Image Total Particulate Sampling

In circumstances where a biologically active material may be absorbed readily at many portals of entry, total particulate sampling may be the approach of choice. This is the case, for example, where such biologically active compounds as organophosphorus or carbamate pesticides require evaluation. For these and many other chemicals, it is important to collect all airborne particles if the full extent of the hazard is to be evaluated.

Image Analysis of Particulate Material Samples

Analysis of collected samples may be by any of a variety of techniques appropriate to the analyte of interest.

A. Microscopy

In the case of materials such as asbestos, where the numerical concentration of particles in air is the most important dose factor, a sample is taken by drawing air through a filter, and the number of particles on the filter is counted by microscopic techniques.

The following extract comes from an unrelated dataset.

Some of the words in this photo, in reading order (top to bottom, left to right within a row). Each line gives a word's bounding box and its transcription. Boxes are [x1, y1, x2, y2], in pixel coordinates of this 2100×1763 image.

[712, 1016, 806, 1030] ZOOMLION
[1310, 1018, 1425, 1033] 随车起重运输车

The most common analytic procedure used for evaluation of asbestos is that involving optical phase-contrast microscopy as specified by the National Institute for Occupational Safety and Health (NIOSH) and by OSHA. The procedure is relatively simple but has the disadvantages that not all airborne asbestos fibers are visualized or counted and that other (nonasbestos) fibers are counted. However, because only the fibers longer than 5 μm are counted, the method gives an imperfect index of exposure to all asbestos fibers.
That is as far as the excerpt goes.